22. The Bamber's housekeeper/cleaner saw Sheila Caffell several times during the course of Monday, 5 August. She saw nothing unusual in Sheila's behaviour. The next day, Sheila was seen with her children on several occasions by Julie and Leonard Foakes, who were working on the farm. She appeared happy and all was apparently well.

23. Barbara Wilson, the farm secretary telephoned the farmhouse at 9.30 p.m. and spoke to Nevill Bamber. He was not cheerful and Mrs Wilson thought she had interrupted an argument. In evidence she described Nevill as abrupt, very impatient and very short. Pamela Boutflour, June Bamber's sister also telephoned the house that evening at about 10 p.m. She spoke first with Sheila Caffell who was quiet and then to her sister. Mrs Boutflour noted nothing unusual in her sister's mood or in their conversation.

The appellant's telephone call to the police 24. In the early hours of Wednesday, 7 August the appellant telephoned Chelmsford Police Station on a direct line number as opposed to the 999 emergency call system and spoke to PC West. He said, "You've got to help me. My father has just rung me and said, "Please come over. Your sister has gone crazy and has got the gun." Then the line went dead". He explained that he had tried to ring his father back at White House Farm but he could not get a reply.

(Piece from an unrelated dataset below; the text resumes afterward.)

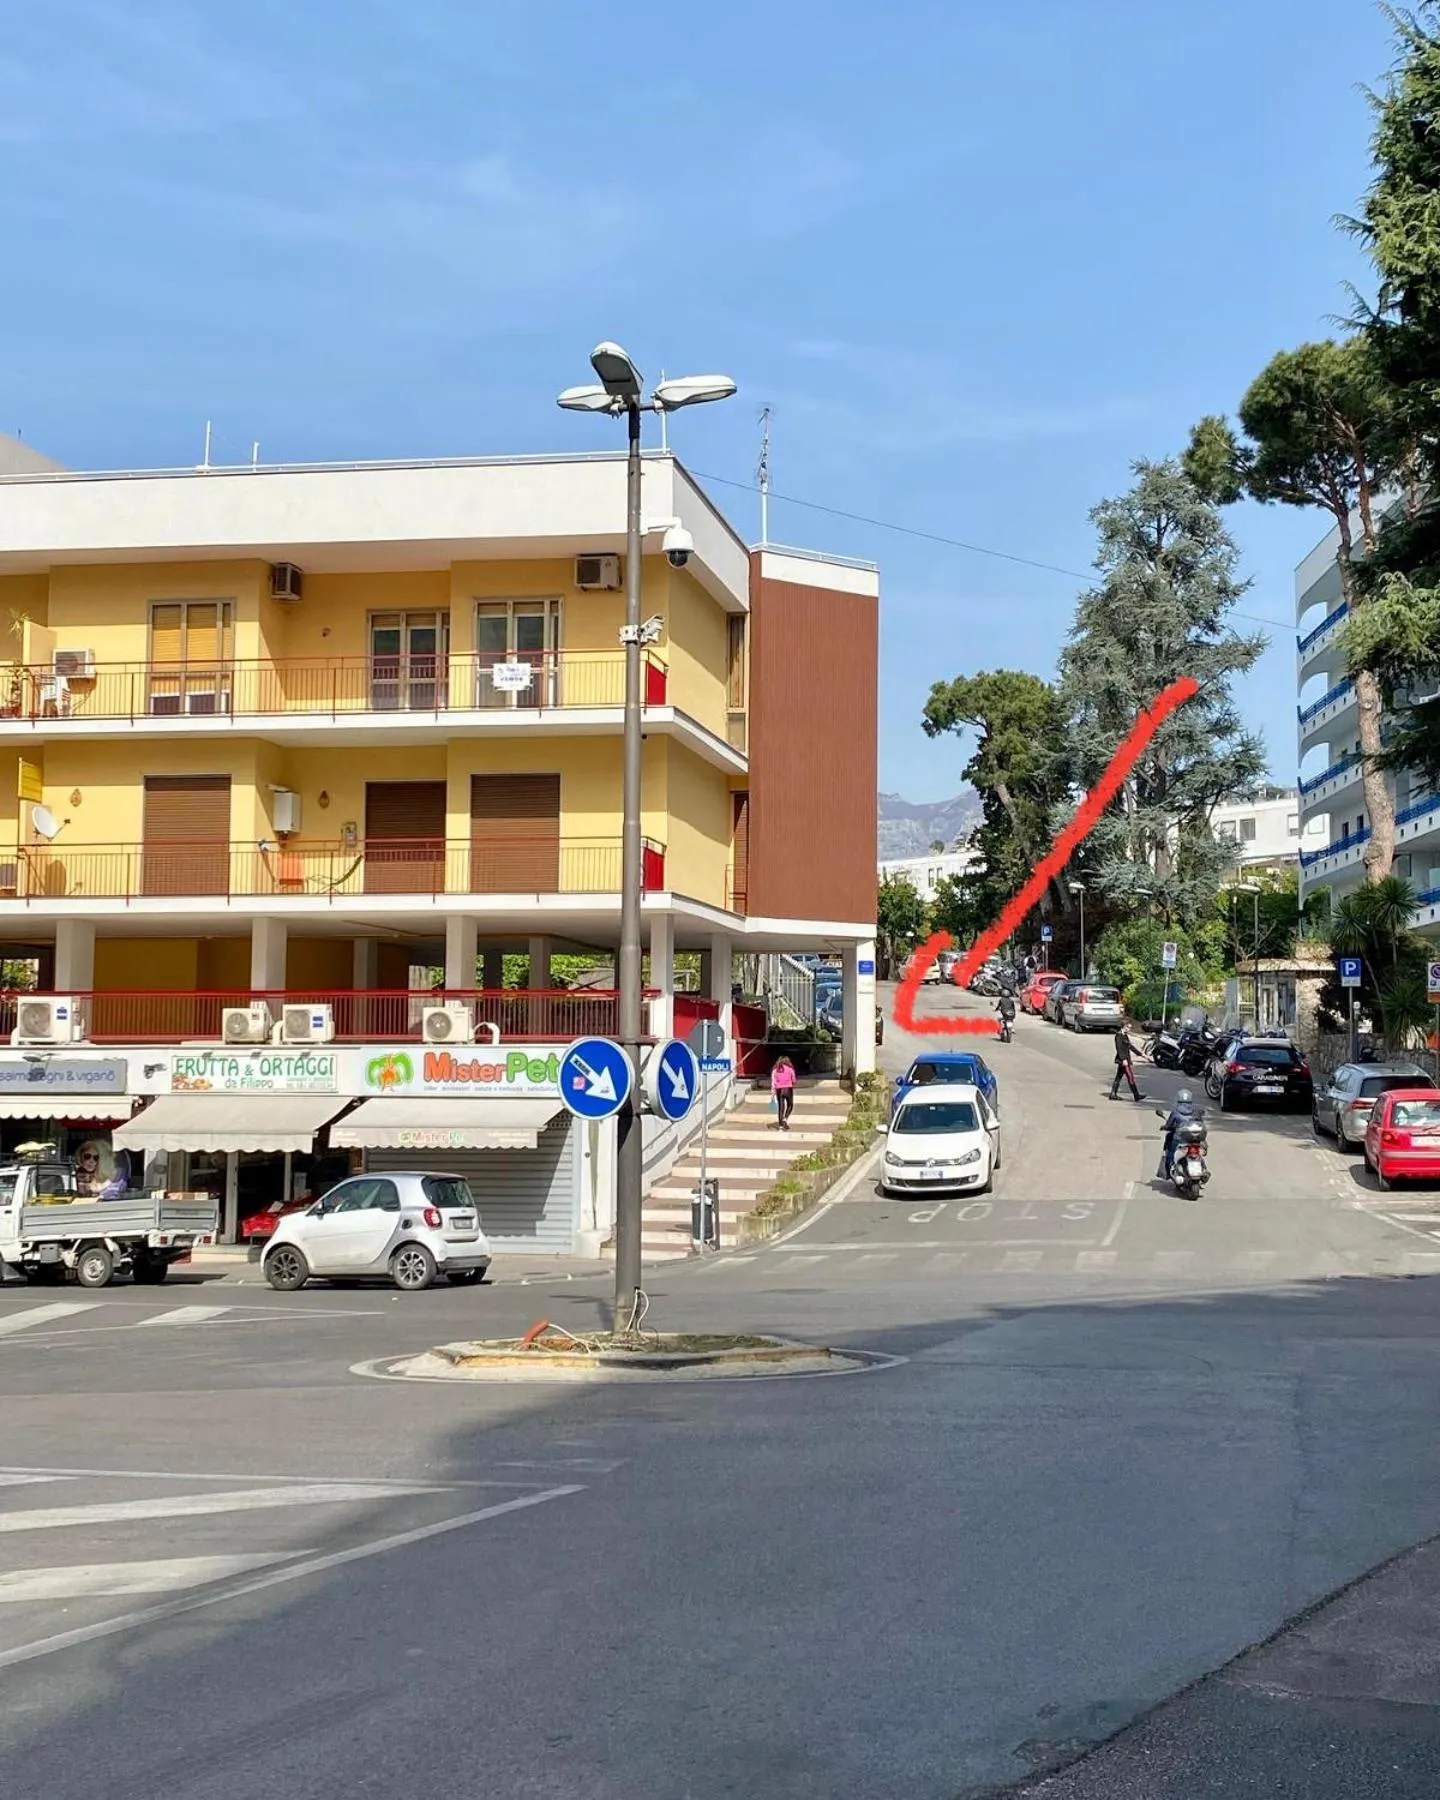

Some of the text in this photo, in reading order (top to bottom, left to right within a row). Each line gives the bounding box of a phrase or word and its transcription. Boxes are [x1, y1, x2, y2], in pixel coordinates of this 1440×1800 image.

25. Using a radio link PC West contacted Malcolm Bonnet at the Chelmsford H/Q Information Room. PC West then spoke to the appellant again, who complained at the time the officer was taking. He said, "When my father rang he sounded terrified". The appellant was told to go to the farm and to wait there for the police. PC West described the appellant as sounding "very laconic" and calm during the first part of their conversation and said that there was no sense of urgency. When he spoke to him again the appellant appeared "more urgent and distressed in his manner".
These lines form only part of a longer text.